Using Genome-Wide Predictions to Assess the Phenotypic Variation of a Barley (Hordeum sp.) Gene Bank Collection for Important Agronomic Traits and Passport Information.

Genome-wide predictions are a powerful tool for predicting trait performance. Against this backdrop we aimed to evaluate the potential and limitations of genome-wide predictions to inform the barley collection of the Federal ex situ Genebank for Agricultural and Horticultural Crops with phenotypic data on complex traits including flowering time, plant height, thousand grain weight, as well as on growth habit and row type. We used previously published sequence data, providing information on 306,049 high-quality SNPs for 20,454 barley accessions. The prediction abilities of the two unordered categorical traits row type and growth type as well as the quantitative traits flowering time, plant height and thousand grain weight were investigated using different cross validation scenarios. Our results demonstrate that the unordered categorical traits can be predicted with high precision. In this way genome-wide prediction can be routinely deployed to extract information pertinent to the taxonomic status of gene bank accessions.

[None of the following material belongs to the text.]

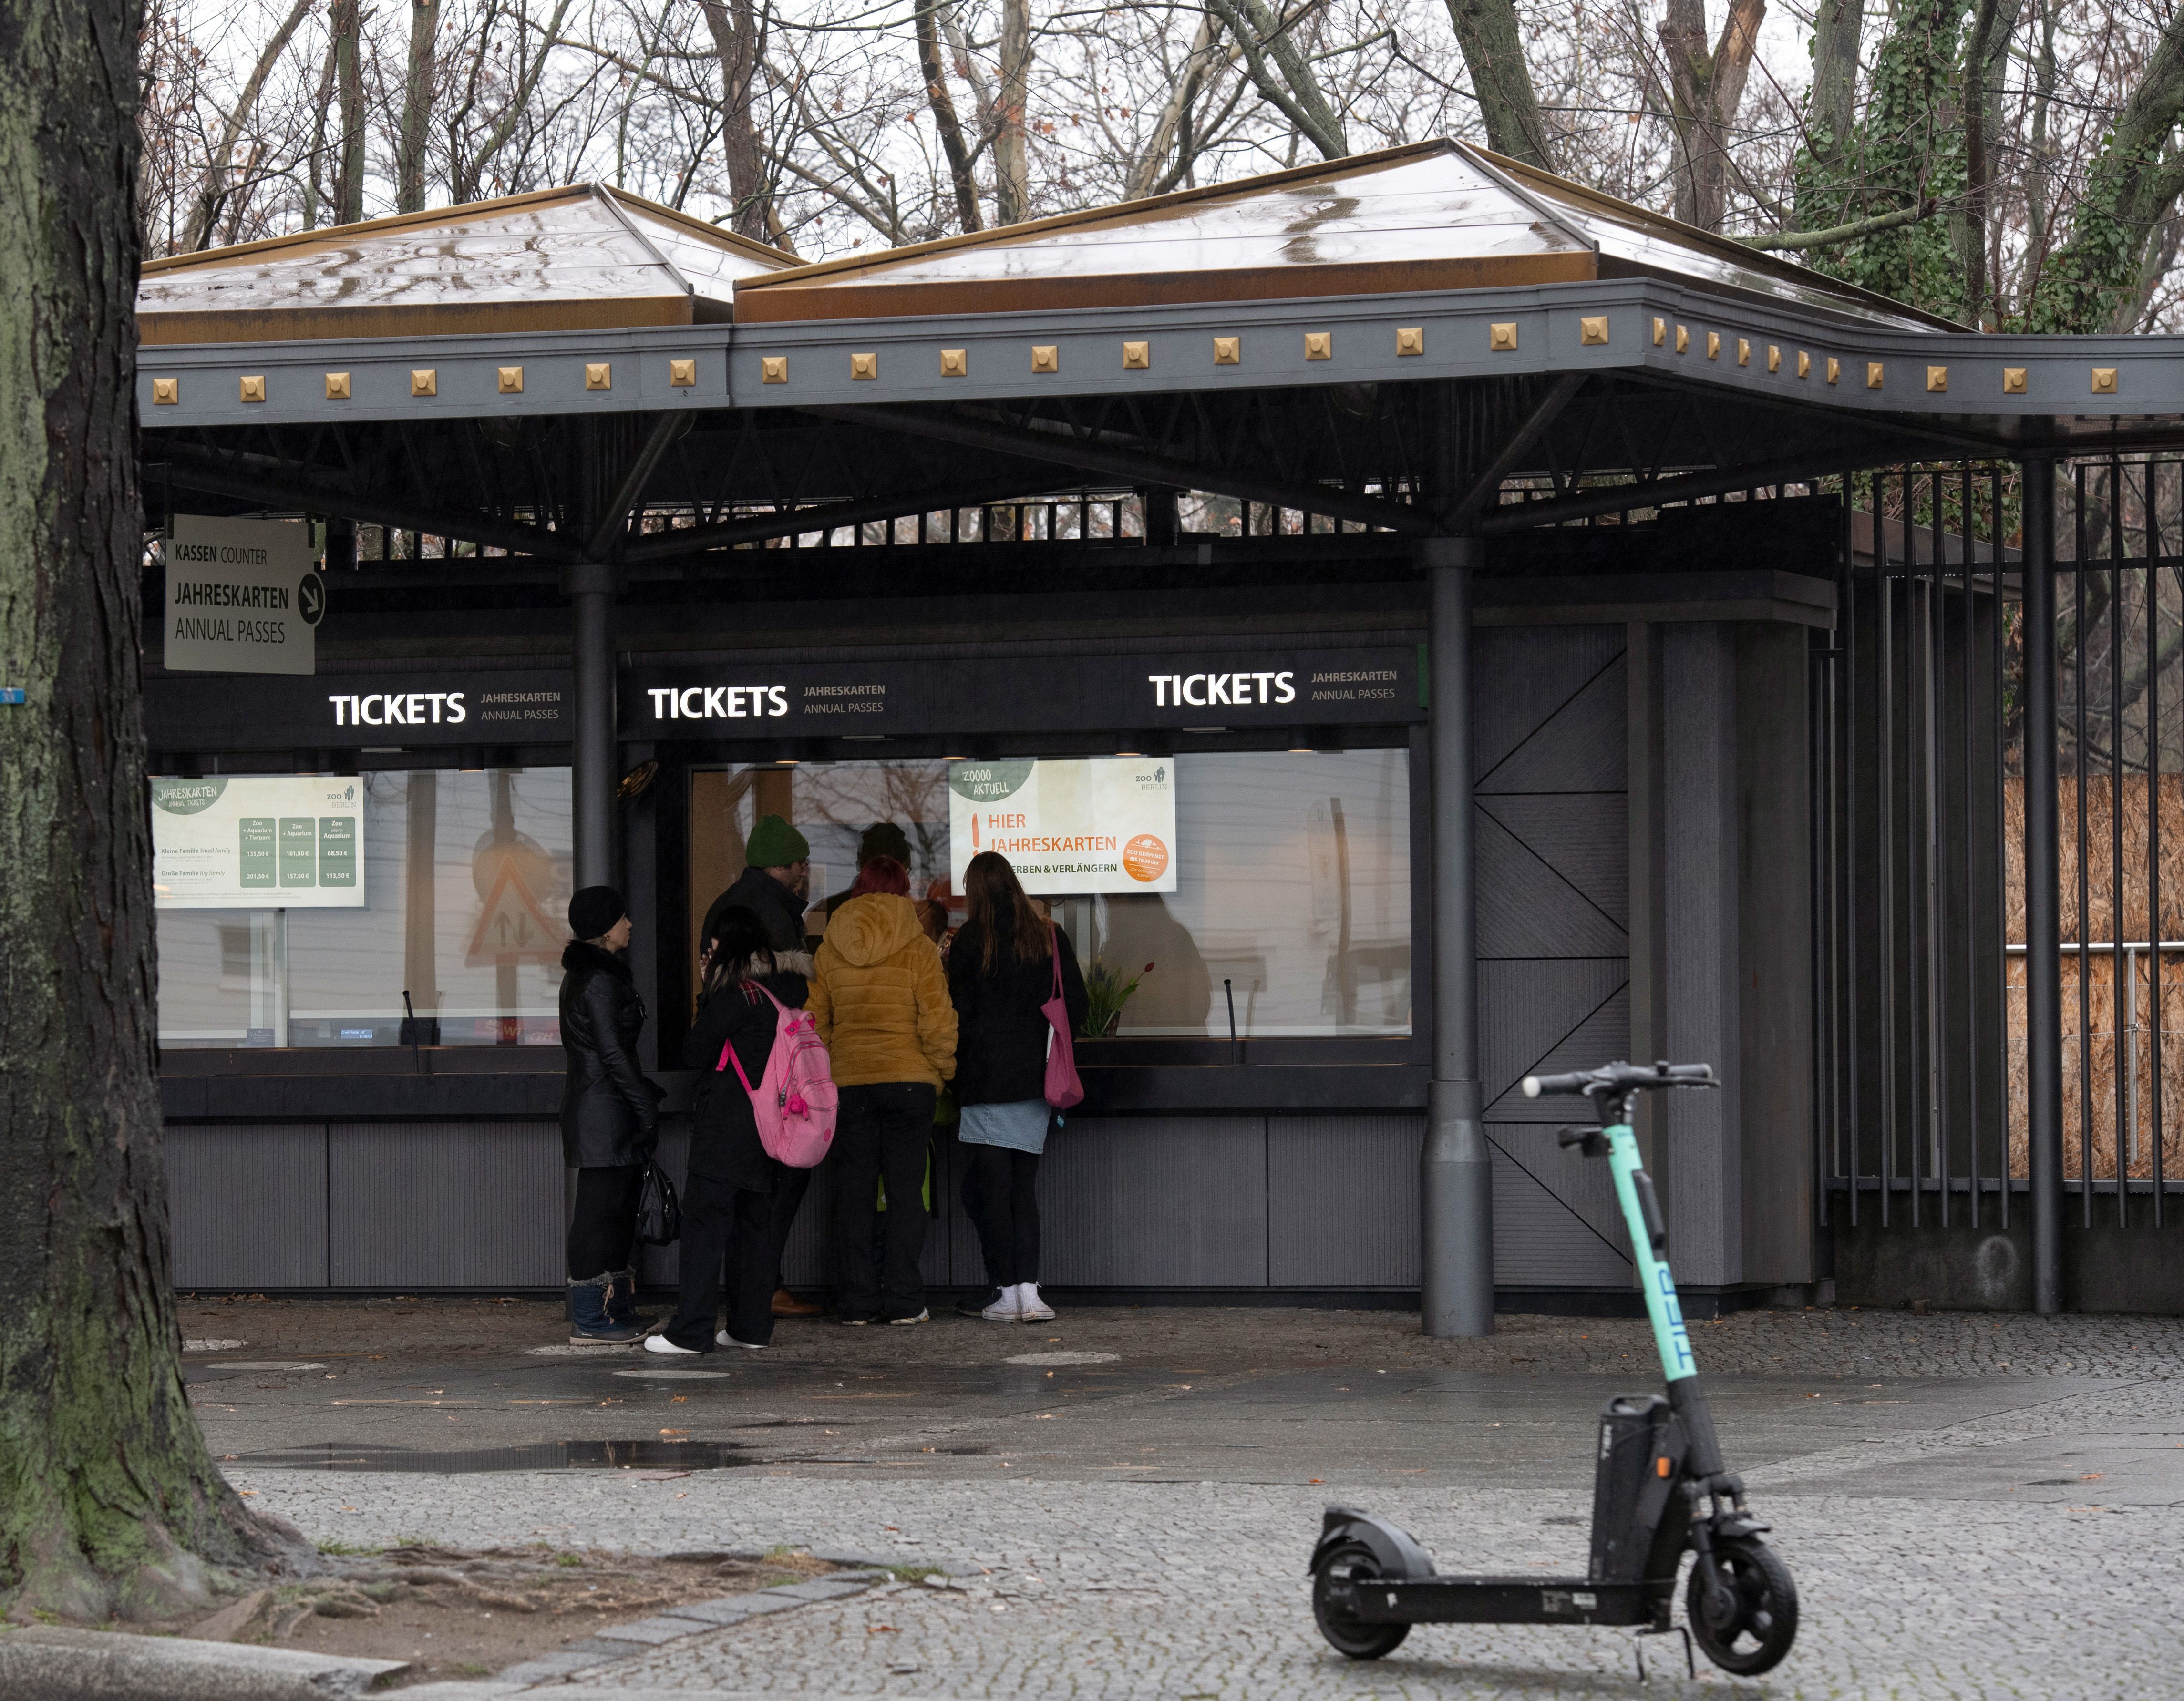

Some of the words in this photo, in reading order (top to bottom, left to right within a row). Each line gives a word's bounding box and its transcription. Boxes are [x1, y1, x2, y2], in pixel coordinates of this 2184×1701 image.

In addition, the three quantitative traits were also predicted with high precision, thereby increasing the amount of information available for genotyped but not phenotyped accessions. Deeply phenotyped core collections, such as the barley 1,000 core set of the IPK Gatersleben, are a promising training population to calibrate genome-wide prediction models. Consequently, genome-wide predictions can substantially contribute to increase the attractiveness of gene bank collections and help evolve gene banks into bio-digital resource centers.